The Alabama Chapter of Council on American-Islamic Relations (CAIR-Alabama) Thursday called for a meeting between Gov. Robert Bentley and representatives of Alabama’s Muslim community to discuss the governor’s remarks they said were “inflammatory” and “insensitive” in his Tuesday night State of the State address.
During his speech, Bentley discussed the failure of the federal government to follow the law in consulting with states on the refugee resettlement program — an issue he’s been fighting for months.
“The outdated program – which predates any recent acts of radical terrorism – allows refugees from the most radical nations to enter countries including the U.S. with little known about them,” Bentley said during his address.
“Among those refugees are those who would commit the most violent, deadly and extreme acts of terrorism. When 130 people were slaughtered, in Paris at the hands of radical Islamic terrorists, among those killers was a refugee from a terrorist nation.”
Khaula Hadeed, CAIR-Alabama’s executive director, said the governor’s statements marginalize an entire community.
“Governor Bentley’s labeling of an entire Muslim-majority nation as ‘terrorist’ effectively equates Islam with terror and promotes prejudice,” said Hadeed in a news release. “The use of inflammatory language that marginalizes an entire community reduces one of the worst humanitarian disasters in recent human history to the status of a political football. We find such terminology insensitive and inappropriate.

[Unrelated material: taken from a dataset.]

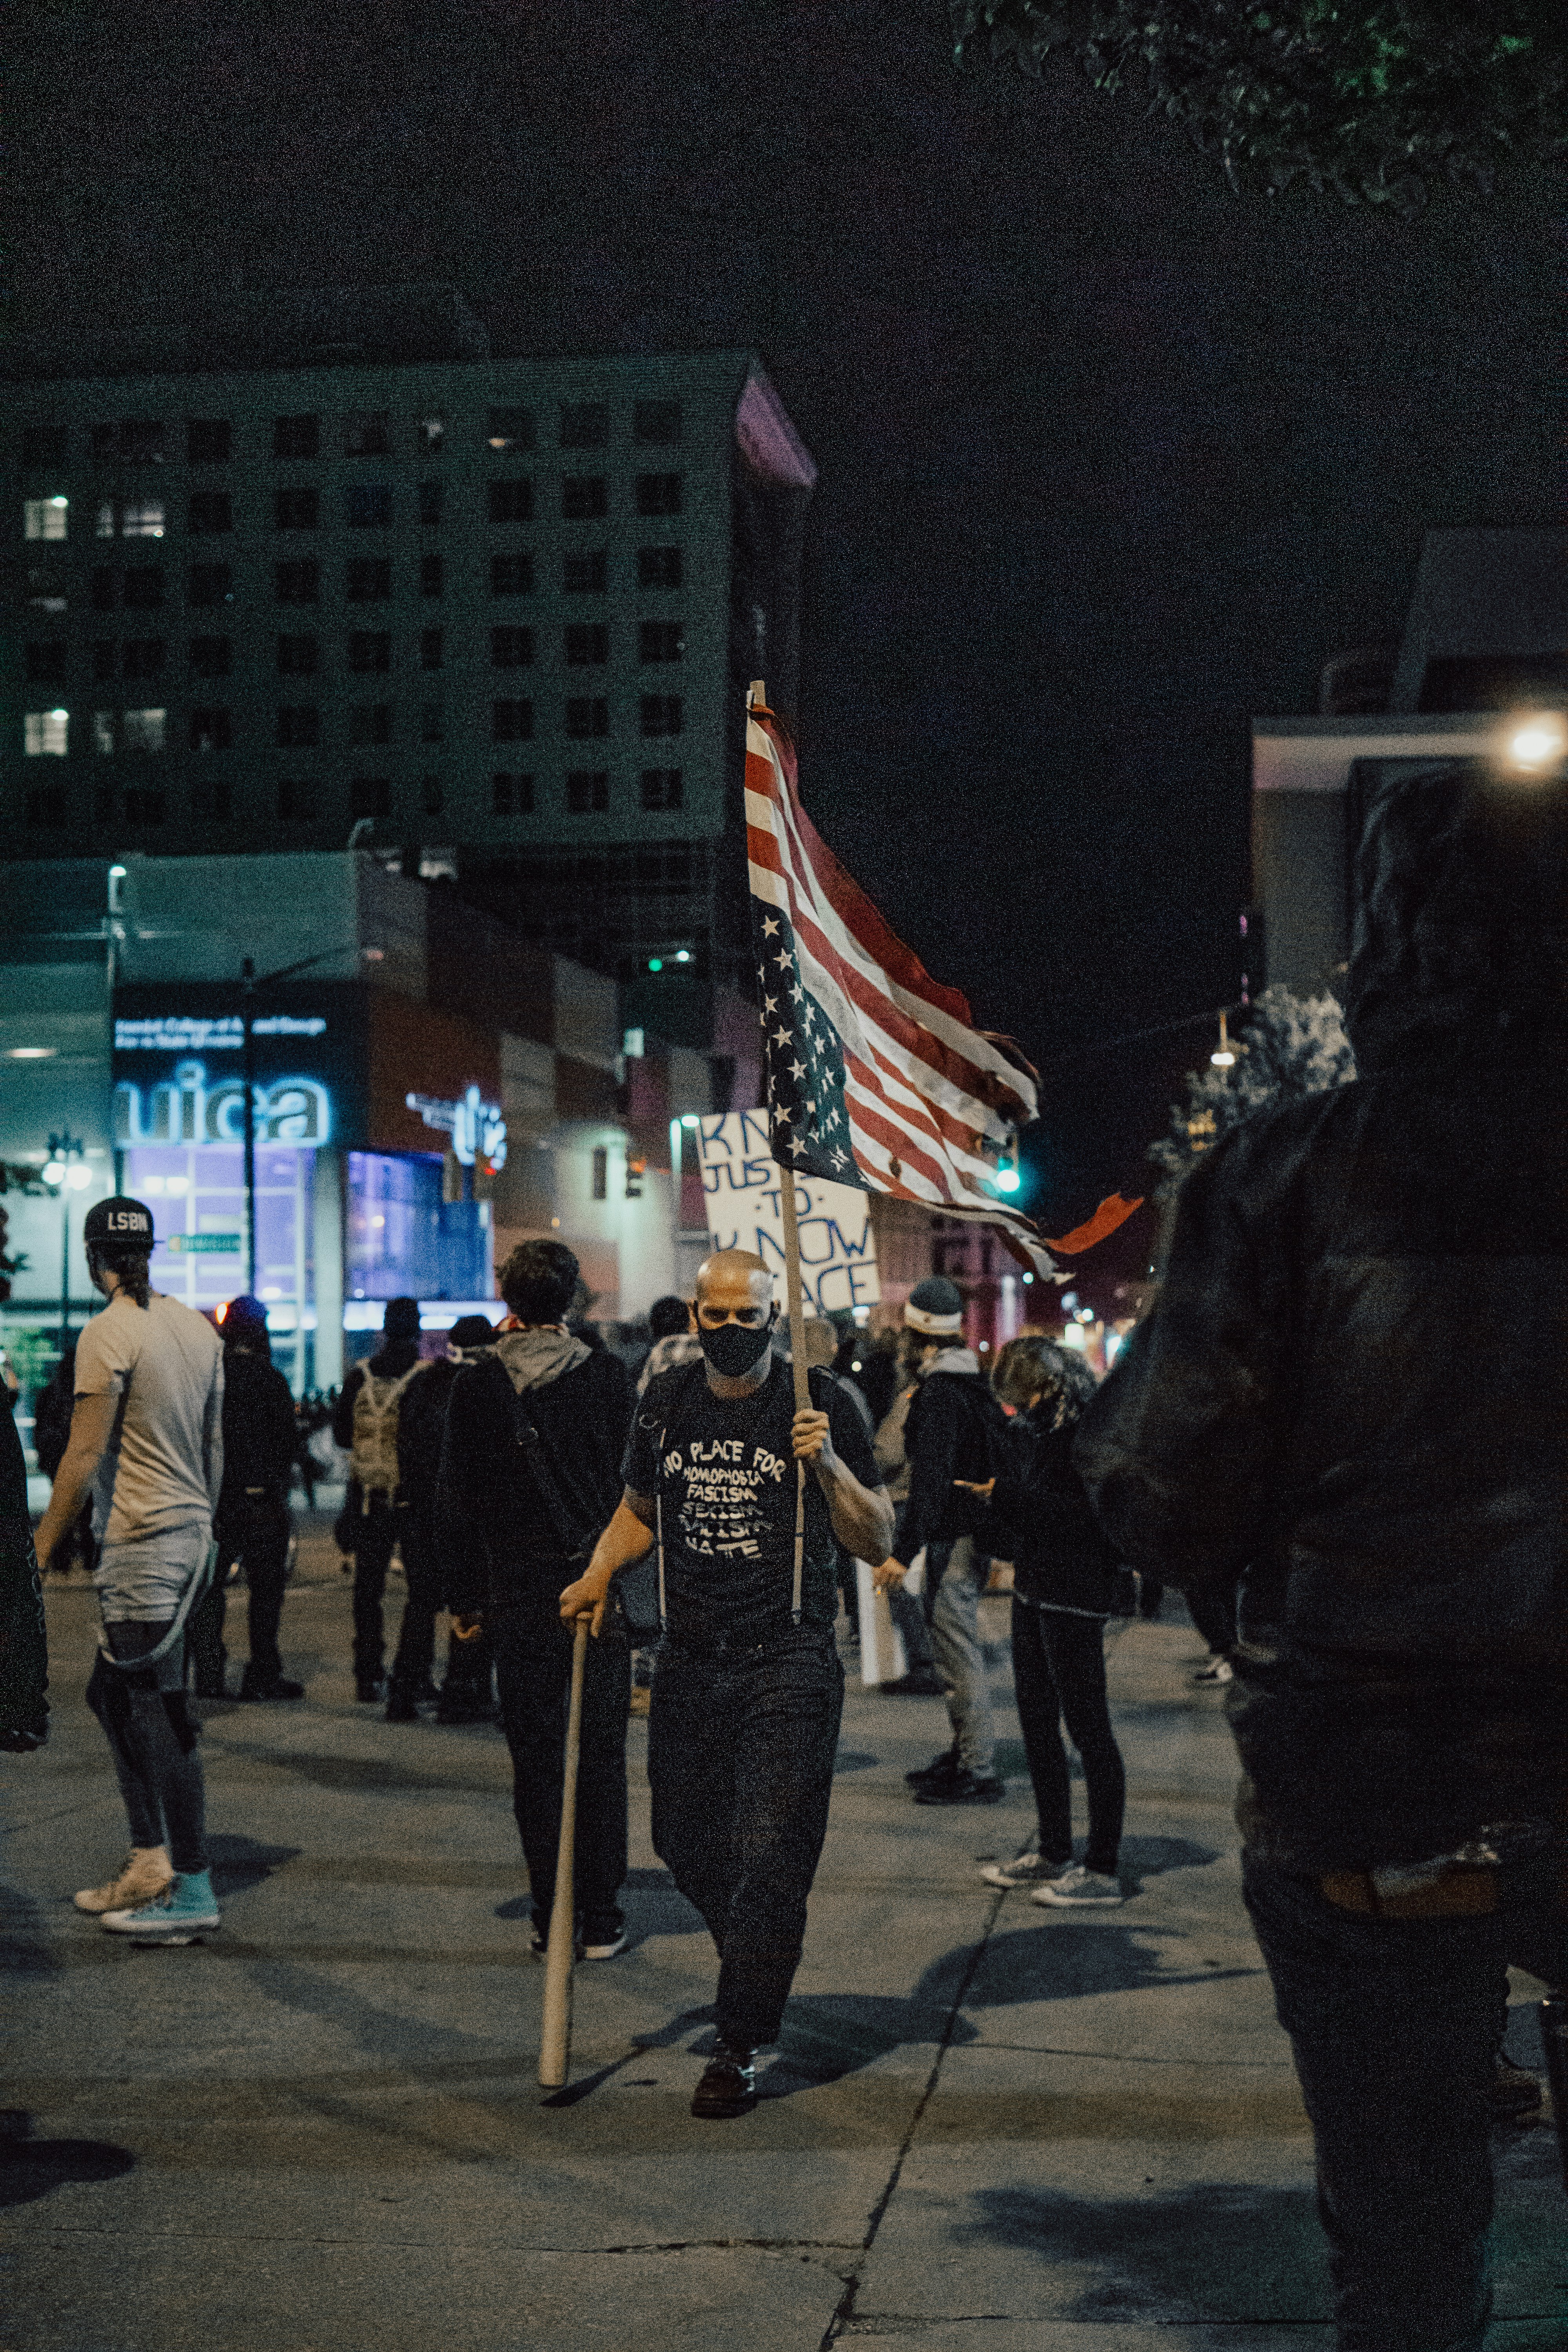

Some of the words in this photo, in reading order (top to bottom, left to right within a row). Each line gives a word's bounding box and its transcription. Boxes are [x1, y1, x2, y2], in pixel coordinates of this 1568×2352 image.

“Alabama has a large Muslim population, including a thriving Syrian-American community making substantial contributions to improving the lives of the people of our state. Using stereotypical terms that paint a diverse multicultural, multiethnic, multiracial Muslim community with such a broad brush is derogatory and dehumanizing.”
CAIR is America’s largest Muslim civil liberties and advocacy organization. Its mission is to enhance the understanding of Islam, encourage dialogue, protect civil liberties, empower American Muslims, and build coalitions that promote justice and mutual understanding.